To confirm this was the case and to test if the levels of BME in the lab were within the regulated amount, industrial hygiene sampling was performed in all three lab spaces. The only measurable level of BME was found in the lab that was directly using the chemical, and it was well below the established exposure limits. According to this test, the average employee would not experience any adverse effects from exposure to the low levels of chemical.

Regardless of this result, exposure to BME was the only culprit that made sense for causing Erica to have allergy-like symptoms every Tuesday. It seems that Erica had a chemical sensitivity to BME – something she had suspected earlier on, but now felt even more strongly that it was the case.

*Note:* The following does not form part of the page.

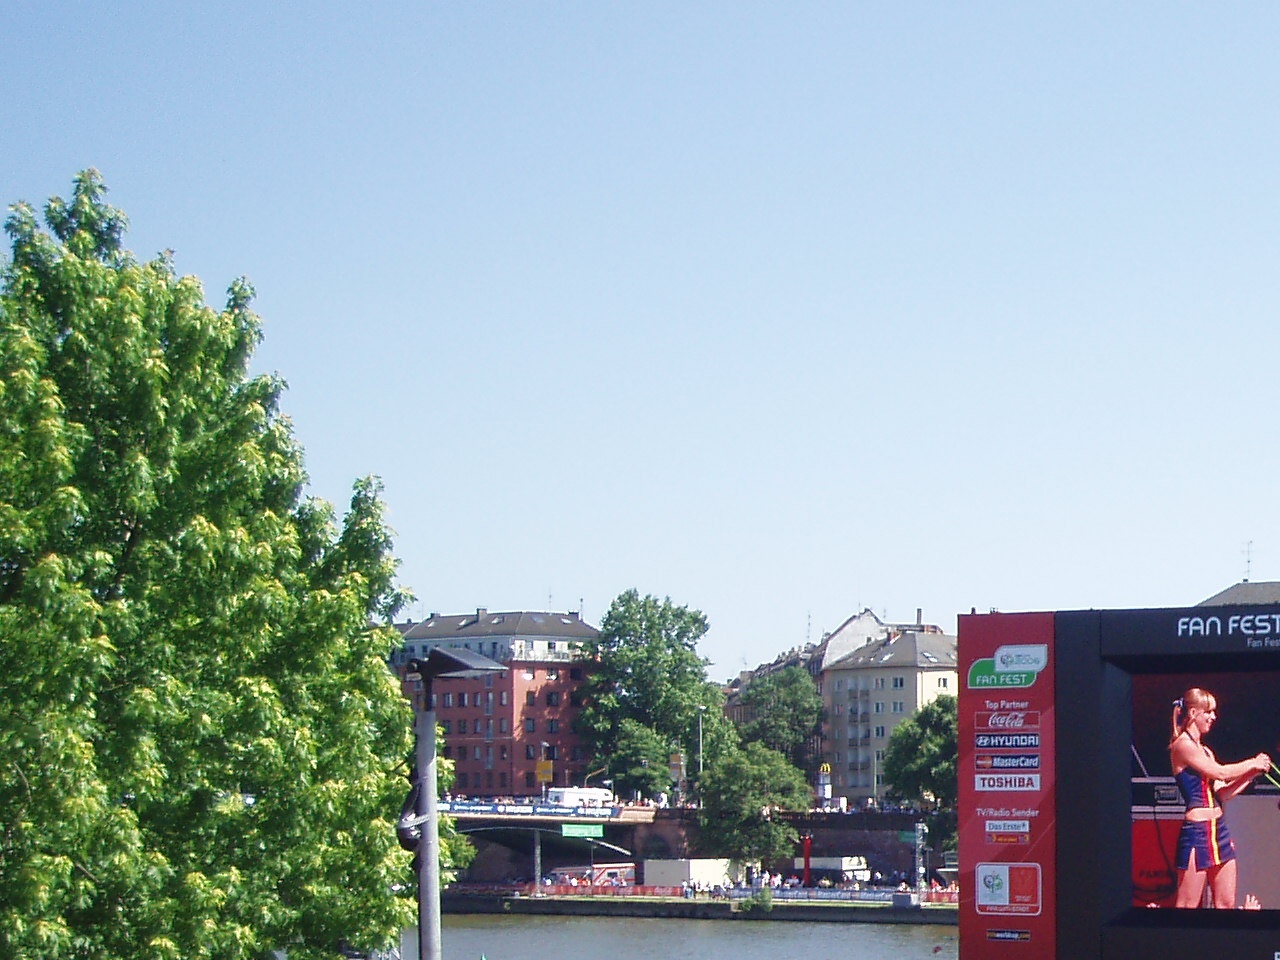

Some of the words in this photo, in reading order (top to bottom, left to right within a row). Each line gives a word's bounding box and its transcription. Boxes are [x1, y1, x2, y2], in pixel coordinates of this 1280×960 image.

The lab next door agreed to be more careful in their handling of BME and make sure to use it in the fume hood as much as possible. They also agreed to notify Erica on days when they were using BME, so that she could take extra precautions as to not be exposed. And they all lived happily ever after… but not without learning some lessons first!

Lessons Learned

  • People can be overly sensitive to certain chemicals and it is important to be aware of this phenomenon
  • Just because your sampling data shows that chemical levels are below regulatory limits does not mean that all your employees are properly protected
  • Looking for trends in symptoms can help identify situations in which someone may have a chemical sensitivity
  • Always err on the side of caution when using potentially irritating chemicals and stick to the best practice of use to avoid unnecessary exposures (in this case, using BME in a fume hood)

 

  1. Martini, A., S. Iavicoli, and L. Corso, Multiple chemical sensitivity and the workplace: current position and need for an occupational health surveillance protocol. Oxid Med Cell Longev, 2013. 2013: p. 351457.
  2. Wooding, S., Phenylthiocarbamide: a 75-year adventure in genetics and natural selection. Genetics, 2006. 172(4): p. 2015-23.